(Records contained in a dataset)
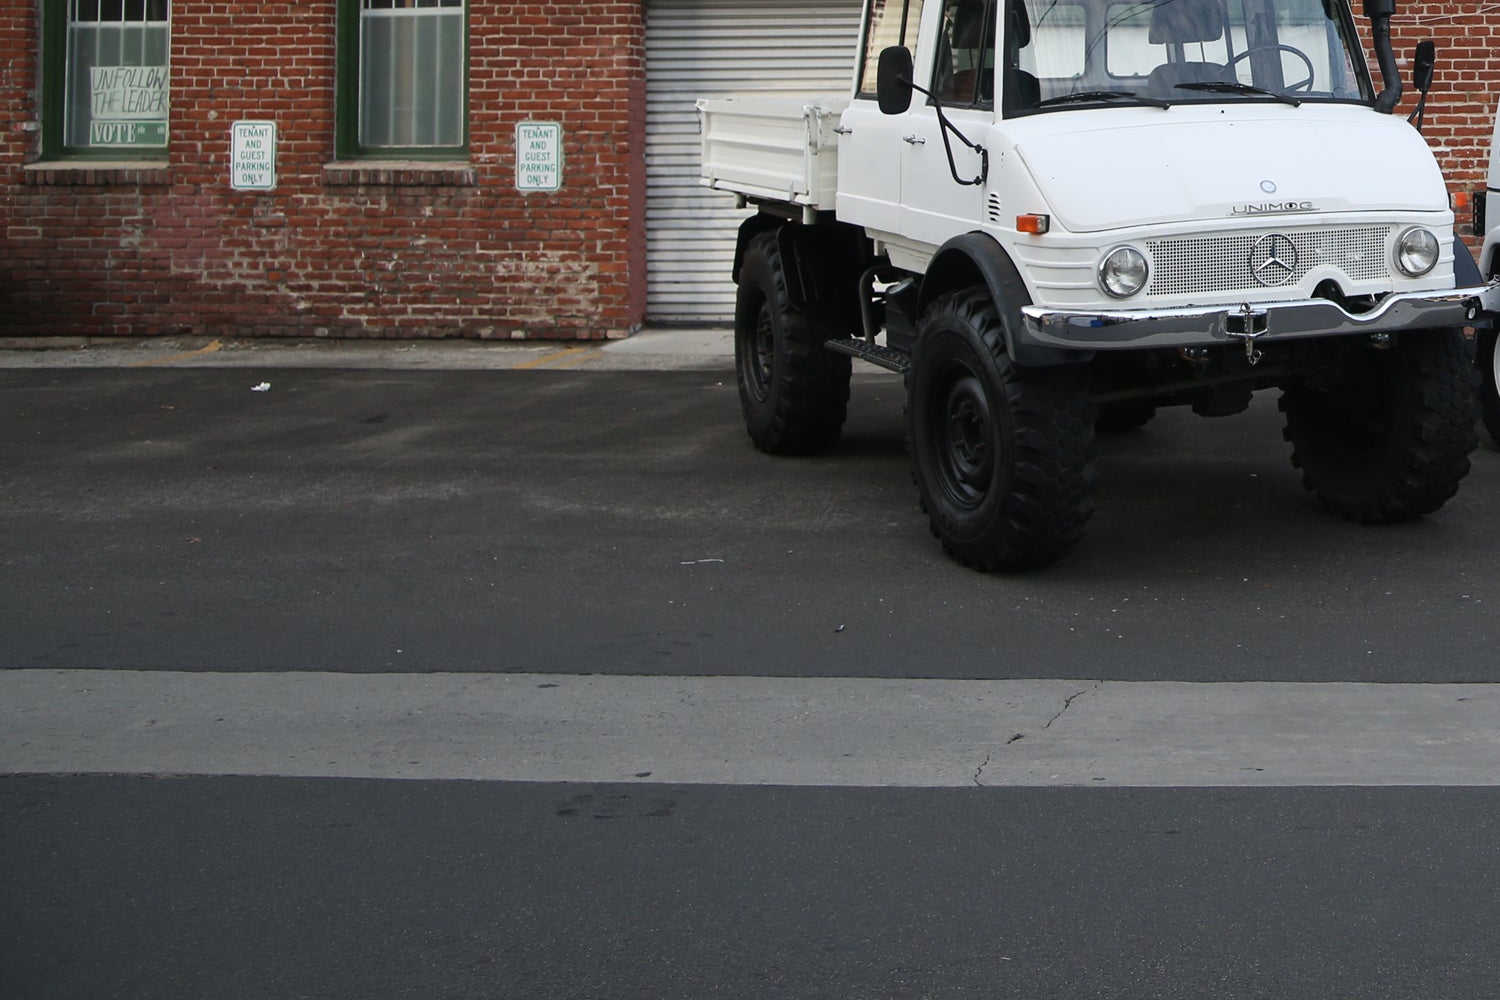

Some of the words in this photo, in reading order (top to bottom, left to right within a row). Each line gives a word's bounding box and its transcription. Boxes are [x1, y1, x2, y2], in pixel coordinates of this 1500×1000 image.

[93, 67, 168, 91] UNFOLLOW
[93, 90, 122, 114] THE
[121, 88, 168, 113] LEADER
[94, 123, 136, 143] VOTE
[238, 128, 269, 138] TENANT
[522, 129, 554, 139] TENANT
[245, 139, 262, 149] AND
[530, 140, 547, 150] AND
[240, 150, 265, 160] GUEST
[525, 152, 551, 161] GUEST
[235, 162, 270, 171] PARKING
[520, 163, 556, 172] PARKING
[242, 173, 263, 182] ONLY
[526, 174, 549, 184] ONLY
[1232, 201, 1313, 214] UNIMOG
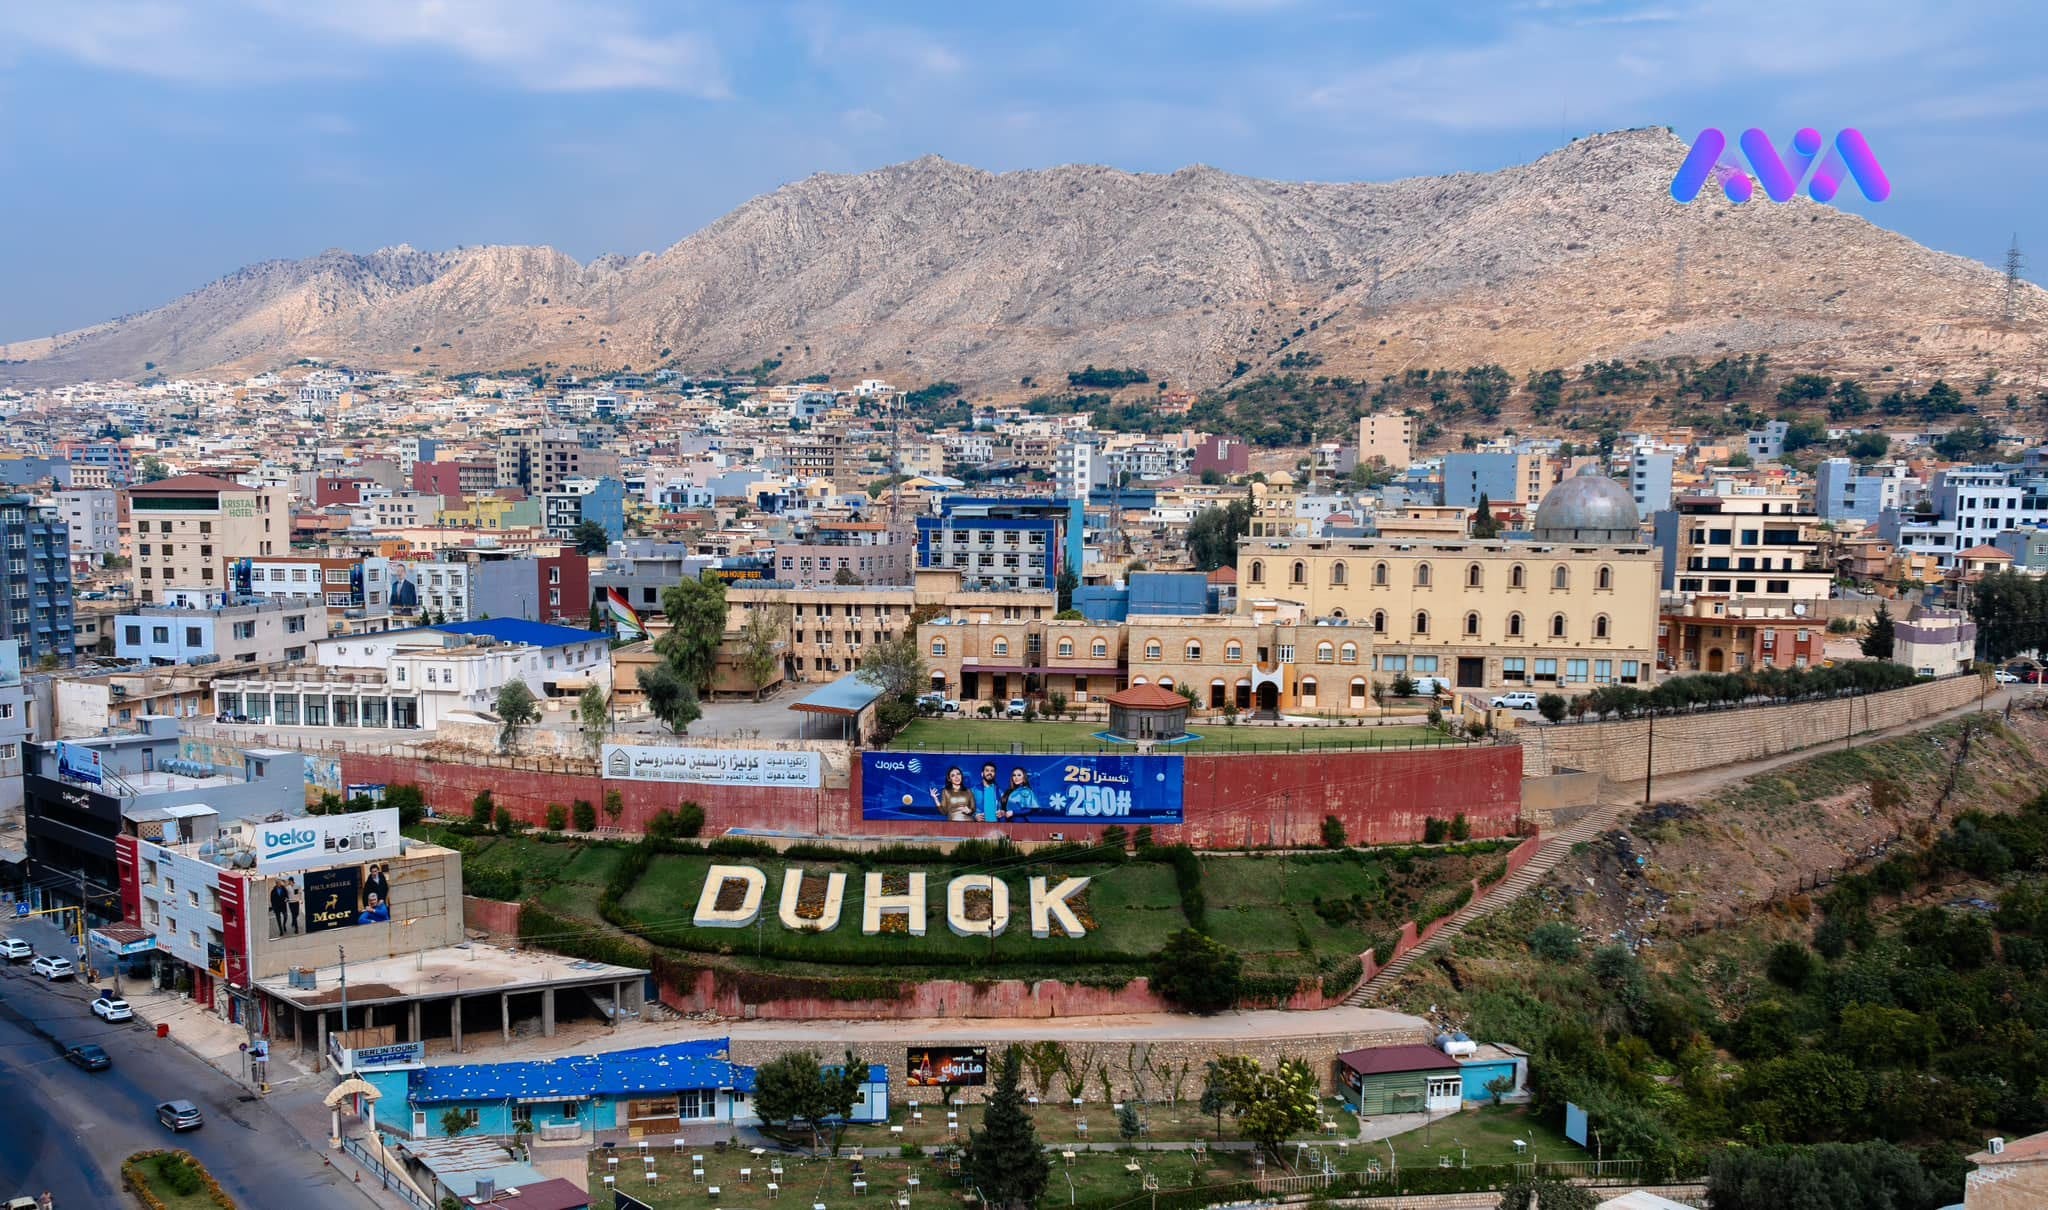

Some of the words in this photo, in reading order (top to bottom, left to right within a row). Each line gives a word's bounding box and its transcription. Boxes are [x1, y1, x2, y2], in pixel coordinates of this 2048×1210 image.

[229, 509, 253, 517] HOTEL
[1063, 765, 1091, 782] 25
[265, 828, 316, 848] beko
[693, 864, 1091, 939] DUHOK
[312, 910, 351, 922] Meer
[358, 1046, 389, 1057] BERLIN
[390, 1043, 418, 1053] TOURS
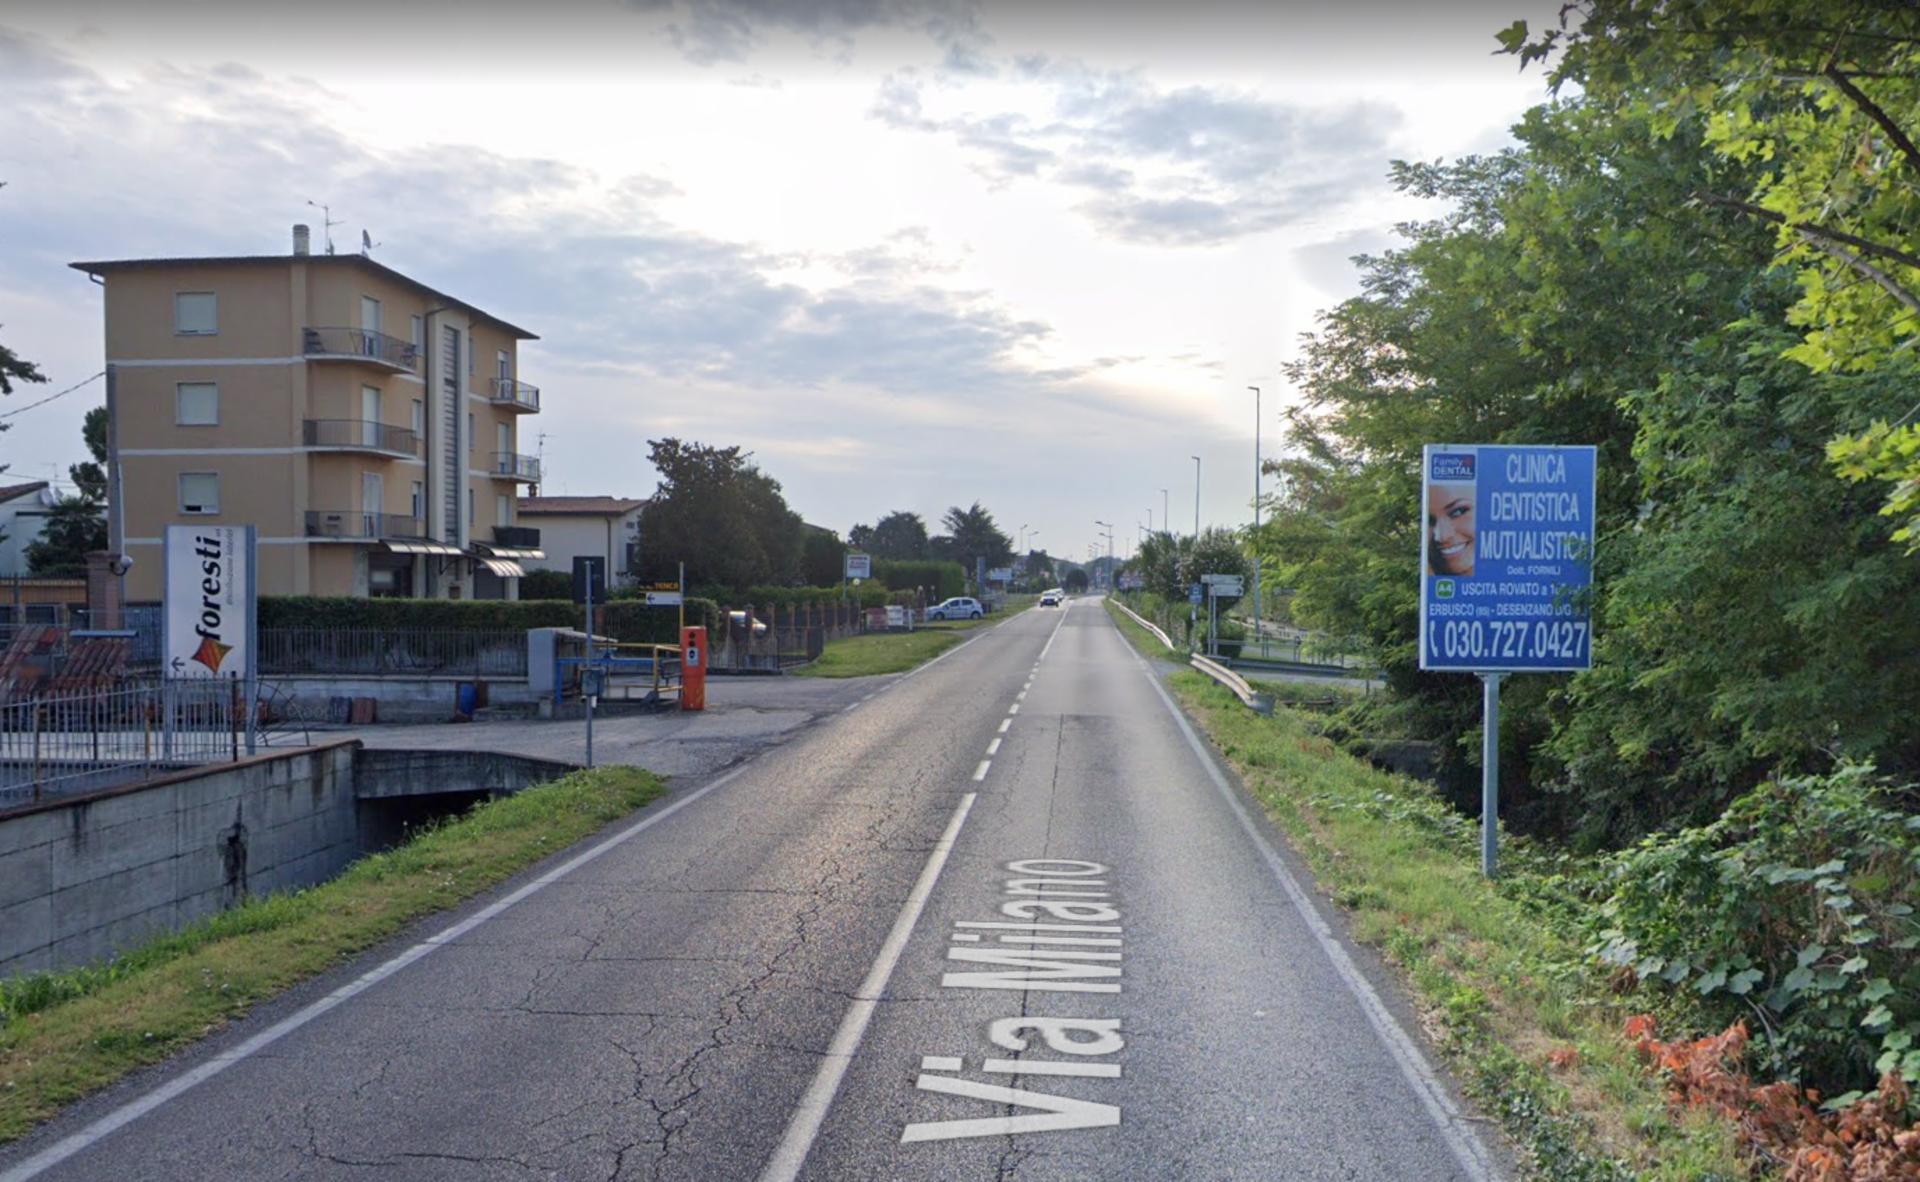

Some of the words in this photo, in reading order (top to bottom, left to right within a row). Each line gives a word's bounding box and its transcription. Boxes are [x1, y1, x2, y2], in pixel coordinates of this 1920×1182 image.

▶ _WORK ITEM_
In your copy, include no pictures, but set down every record exactly.

▶ _RESPONSE TO THE EXERCISE_
Some of the words in this photo, in reading order (top to bottom, left to right within a row). Each line gives a word's bounding box and its transcription. Boxes are [x1, y1, x2, y2], in pixel coordinates of this 1500×1000 image.

[93, 67, 168, 91] UNFOLLOW
[93, 90, 122, 114] THE
[121, 88, 168, 113] LEADER
[94, 123, 136, 143] VOTE
[238, 128, 269, 138] TENANT
[522, 129, 554, 139] TENANT
[245, 139, 262, 149] AND
[530, 140, 547, 150] AND
[240, 150, 265, 160] GUEST
[525, 152, 551, 161] GUEST
[235, 162, 270, 171] PARKING
[520, 163, 556, 172] PARKING
[242, 173, 263, 182] ONLY
[526, 174, 549, 184] ONLY
[1232, 201, 1313, 214] UNIMOG

Some of the words in this photo, in reading order (top to bottom, left to right within a row). Each line gives a word's bounding box and its transcription. Boxes are [x1, y1, x2, y2], in pixel coordinates of this 2048×1210 image.

[229, 509, 253, 517] HOTEL
[1063, 765, 1091, 782] 25
[265, 828, 316, 848] beko
[693, 864, 1091, 939] DUHOK
[312, 910, 351, 922] Meer
[358, 1046, 389, 1057] BERLIN
[390, 1043, 418, 1053] TOURS

Some of the words in this photo, in reading order (top to bottom, left to right within a row). Each line gives a word's bounding box and its transcription. Boxes are [x1, y1, x2, y2], in pixel coordinates of this 1920×1182 image.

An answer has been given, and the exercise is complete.